Reduction in pulmonary metastasis by restricted feeding is accompanied with reductions in body fat mass and concentrations of proinflammatory cytokines in plasma. Adipose tissue is an endocrine organ that produces proinflammatory cytokines. For example, feeding mice a high-fat diet significantly elevated concentrations of MCP-1 [19] and PAI-1 in adipose tissue [18]. Elevation in proinflammatory cytokines is associated with cancer progression [20, 21]. Knocking out MCP-1 [19] or PAI-1 genes from mice [18] reduces high-fat diet-enhanced metastasis. A reduction in body adiposity may lead to a decreased production of proinflammatory cytokines including MCP-1 and PAI-1, which may be responsible, at least partly, for the anti-metastatic effects of the restricted feeding.

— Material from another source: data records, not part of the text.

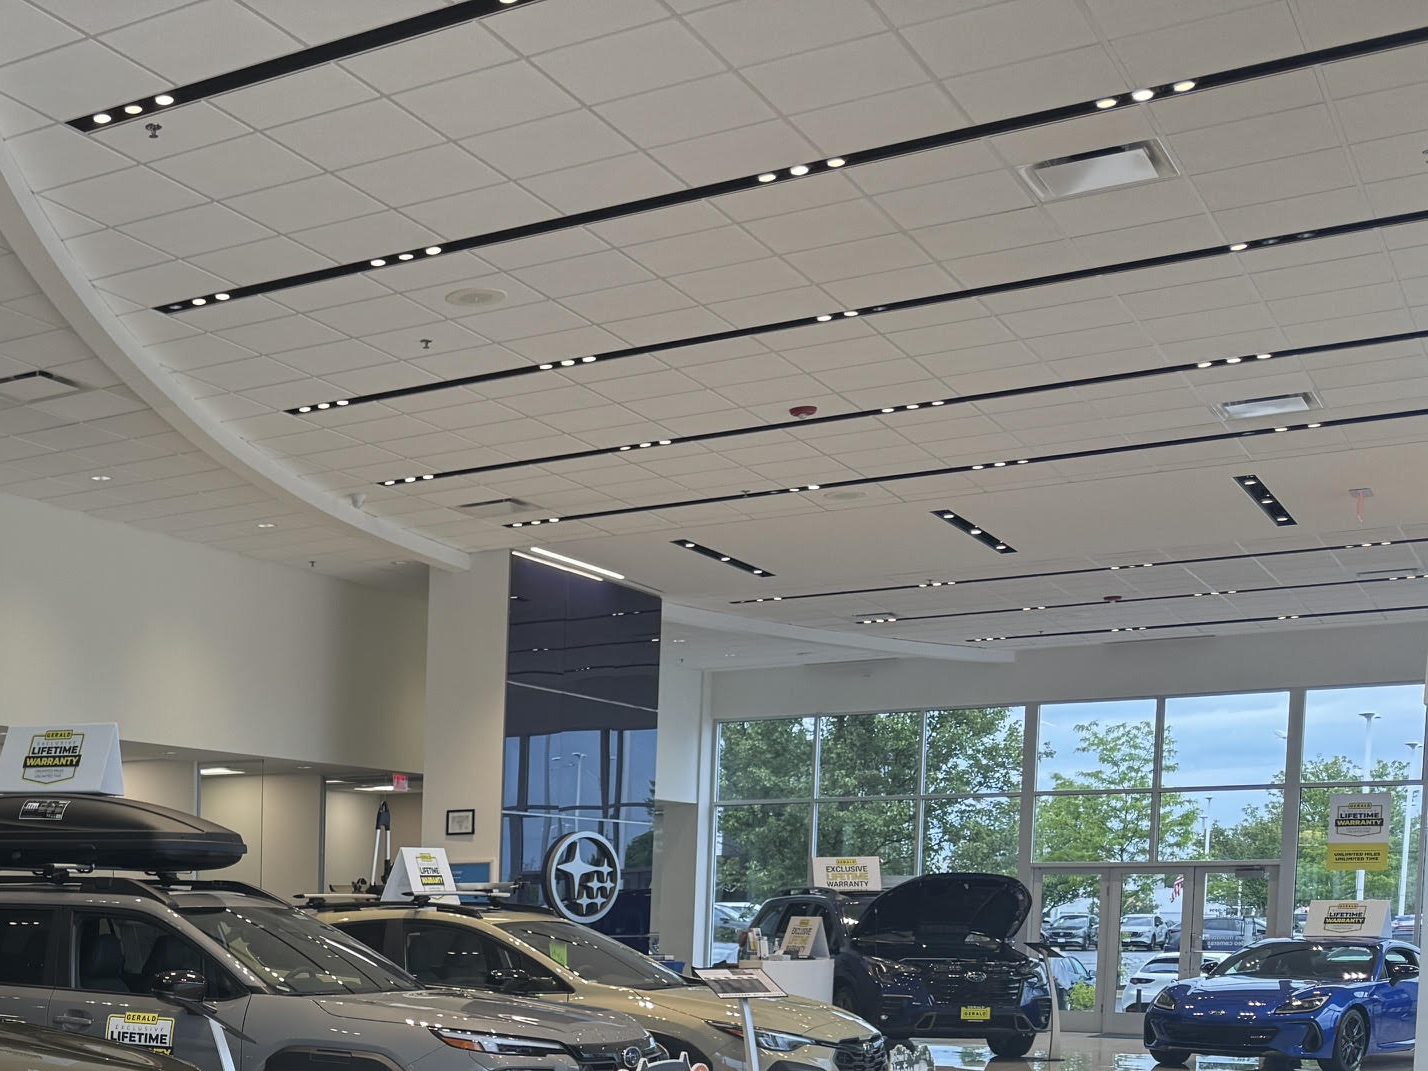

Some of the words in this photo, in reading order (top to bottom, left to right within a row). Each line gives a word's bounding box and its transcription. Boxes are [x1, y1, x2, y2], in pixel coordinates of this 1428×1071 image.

[31, 746, 79, 755] LIFETIME
[27, 757, 79, 766] WARRANTY
[825, 865, 868, 873] EXCLUSIVE
[126, 1014, 157, 1023] GERALD
[115, 1024, 165, 1032] EXCLUSIVE
[110, 1030, 168, 1045] LIFETIME
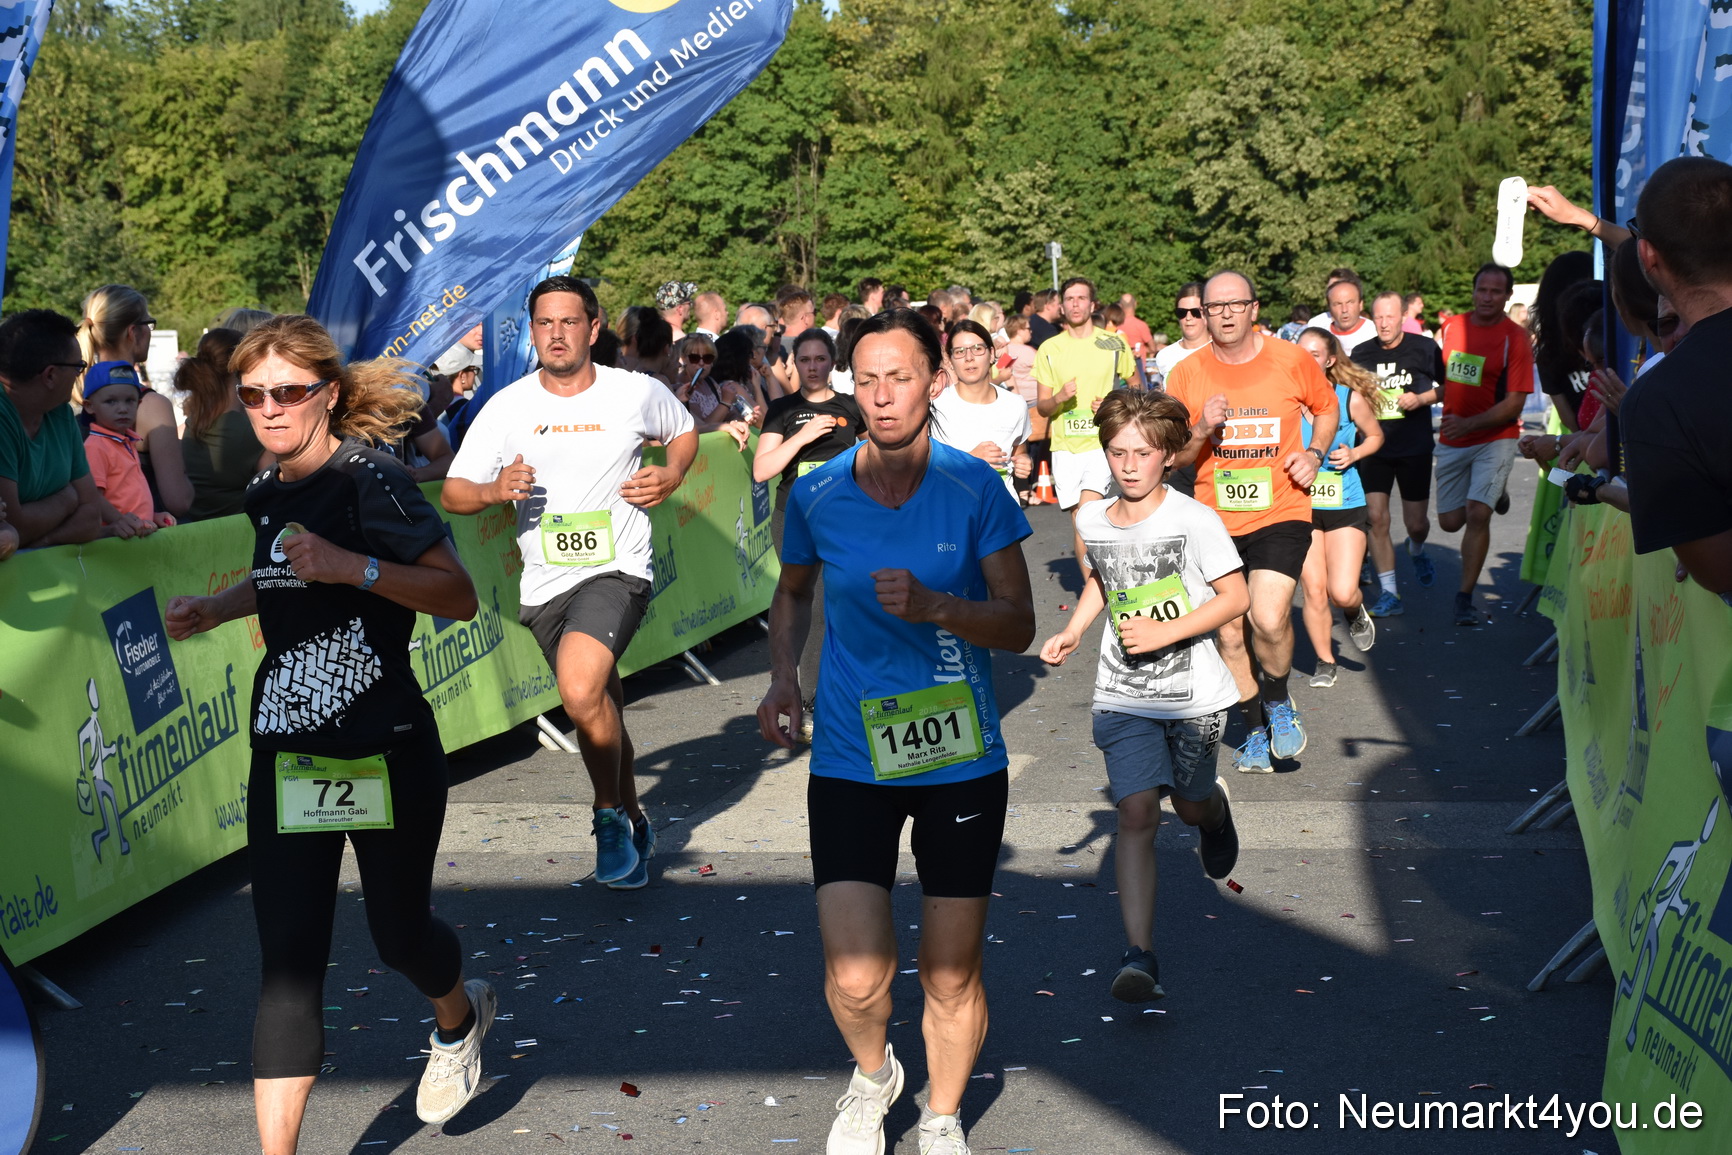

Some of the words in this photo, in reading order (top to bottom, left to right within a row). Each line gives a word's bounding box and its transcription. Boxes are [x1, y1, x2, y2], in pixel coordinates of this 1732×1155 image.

[549, 108, 624, 175] Druck
[622, 61, 672, 112] und
[353, 28, 652, 297] Frischmann
[1450, 361, 1477, 378] 1158
[1239, 406, 1268, 417] Jahre
[552, 423, 606, 433] KLEBL
[1067, 419, 1095, 430] 1625
[1215, 423, 1274, 440] OBI
[1212, 446, 1279, 459] Neumarkt
[818, 476, 833, 488] JAKO
[1226, 484, 1259, 499] 902
[556, 531, 598, 552] 886
[937, 542, 956, 553] Rita
[421, 584, 504, 690] firmenlauf
[124, 632, 159, 667] Fischer
[134, 653, 161, 677] AUTOMOBILE
[430, 671, 472, 711] neumarkt
[117, 662, 240, 812] firmenlauf
[881, 711, 961, 755] 1401
[898, 760, 921, 770] Nathalie
[922, 750, 958, 765] Lengenfelder
[907, 751, 929, 761] Marx
[929, 746, 947, 756] Rita
[313, 779, 356, 807] 72
[133, 781, 184, 840] neumarkt
[303, 809, 346, 818] Hoffmann
[348, 807, 368, 816] Gabi
[318, 816, 354, 824] Bärnreuther
[1641, 1026, 1699, 1095] neumarkt

Angiogenesis plays an important role in tumorigenesis and transporting metastatic cells to target organs. Both VEGF and TIMP-1 are potent angiogenic factors. We previously found that plasma concentrations of VEGF and TIMP-1 are elevated in mice with LLC metastases, and they are further elevated by feeding mice a high-fat diet [18, 19]. In the present study, the increases in plasma concentrations of VEGF and TIMP-1 with high-fat diet-enhanced metastasis indicate a stimulation of angiogenesis during LLC spread and growth. Restricted feeding of the high-fat diet significantly reduced concentrations of VEGF and TIMP-1, which suggests a down-regulation of angiogenesis. This down-regulation may contribute to the attenuation of LLC metastatic progression by the restricted feeding.

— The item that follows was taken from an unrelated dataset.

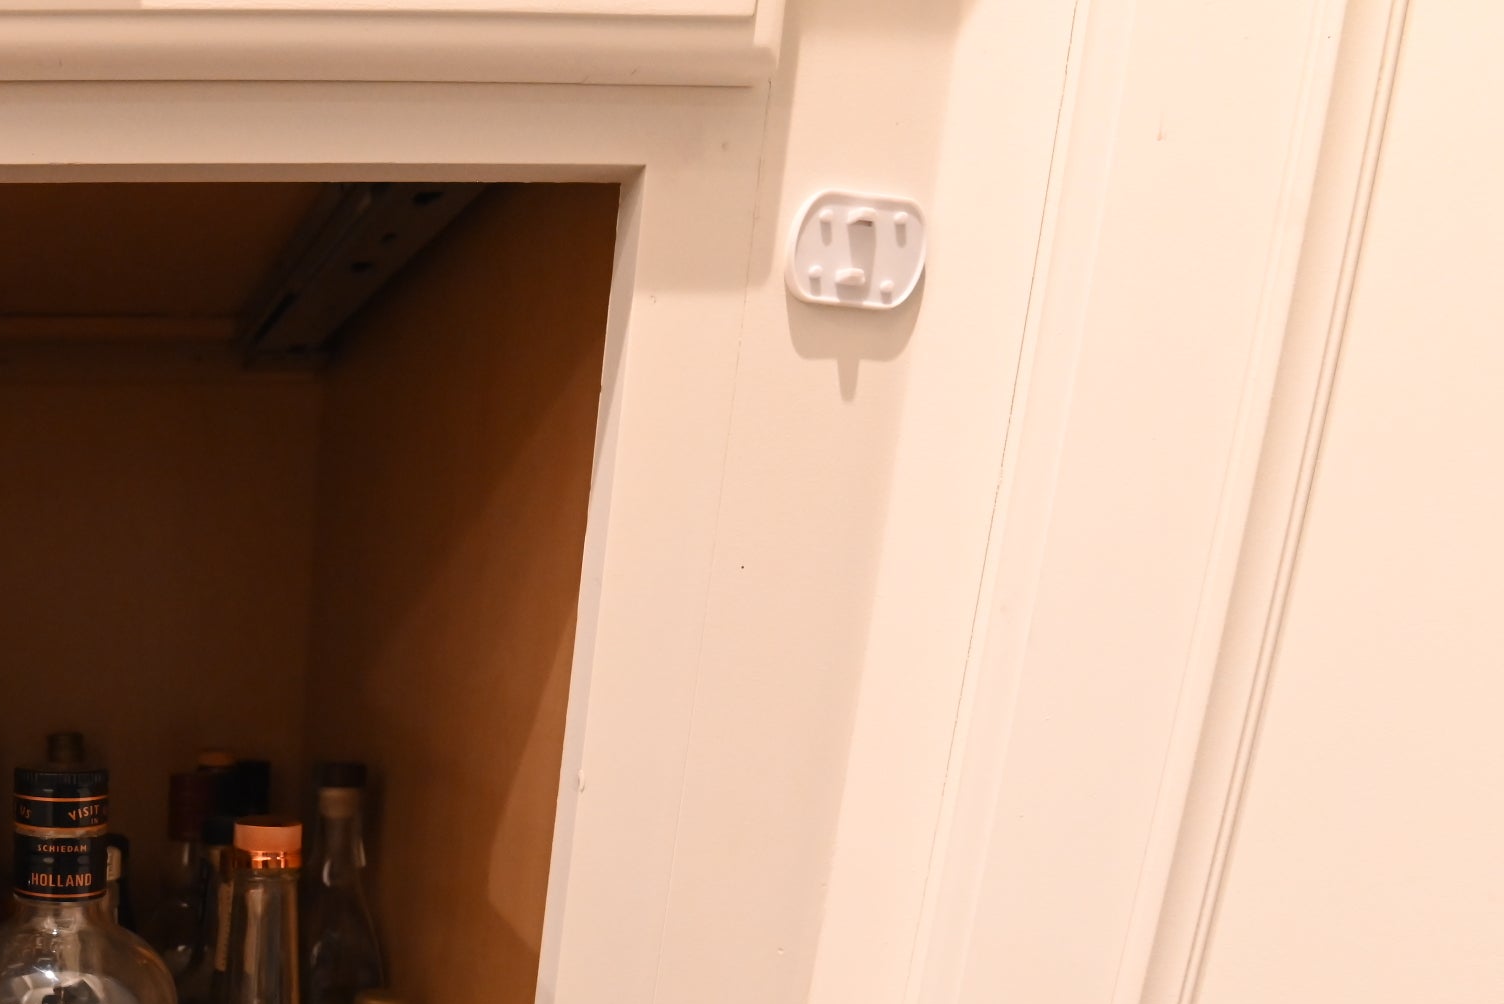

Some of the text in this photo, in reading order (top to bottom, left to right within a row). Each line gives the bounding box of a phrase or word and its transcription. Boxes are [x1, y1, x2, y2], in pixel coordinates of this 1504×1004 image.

[68, 804, 100, 821] VISIT
[37, 844, 87, 853] SCHIEDAM
[31, 872, 92, 888] HOLLAND

The lower concentrations of leptin and insulin in plasma of mice receiving restricted feeding were likely the result of reduced adiposity. Leptin and insulin actively participate in energy metabolism and their elevations in blood correlate with metabolic disturbance in rodent models of obesity [22, 23]. Furthermore, leptin is angiogenic during tumorigenesis [24], and insulin is involved in type-2 diabetes-mediated mammary tumor progression in mice [25]. Reductions in leptin and insulin indicate that restricted feeding may attenuate metabolic disturbance by intake of the high-fat diet, and such an action may contribute to the anti-metastatic effects of restricted feeding.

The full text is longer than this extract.